> What this task involves: In the records that follow, skip the pictures and print everything else exactly.

> Data to use:

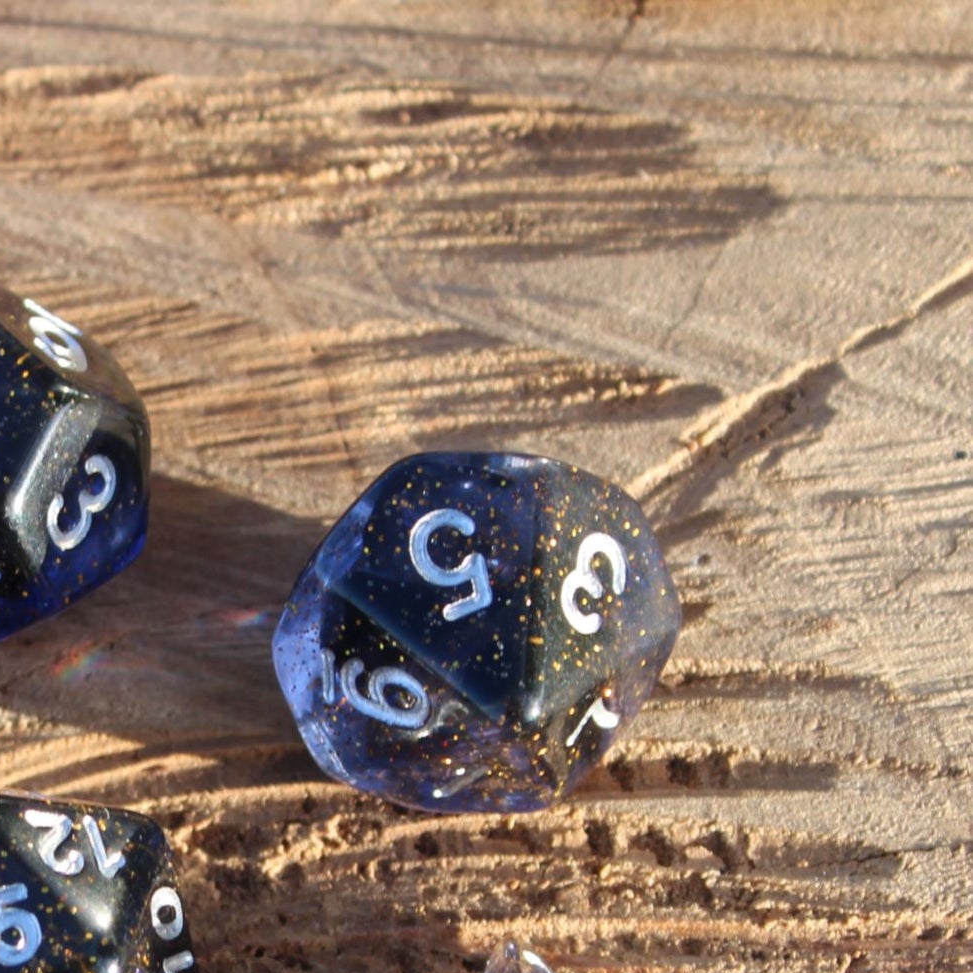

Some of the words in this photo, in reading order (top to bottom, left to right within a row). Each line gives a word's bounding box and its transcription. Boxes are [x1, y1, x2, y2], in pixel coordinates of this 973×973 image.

[46, 453, 117, 552] 3
[408, 508, 493, 622] 5
[560, 531, 627, 636] 3
[25, 808, 127, 880] 12

> Answer area:
Some of the words in this photo, in reading order (top to bottom, left to right within a row). Each line gives a word's bounding box and its transcription. Boxes are [x1, y1, x2, y2], in pixel coordinates of this 973×973 image.

[46, 453, 117, 552] 3
[408, 508, 493, 622] 5
[560, 531, 627, 636] 3
[25, 808, 127, 880] 12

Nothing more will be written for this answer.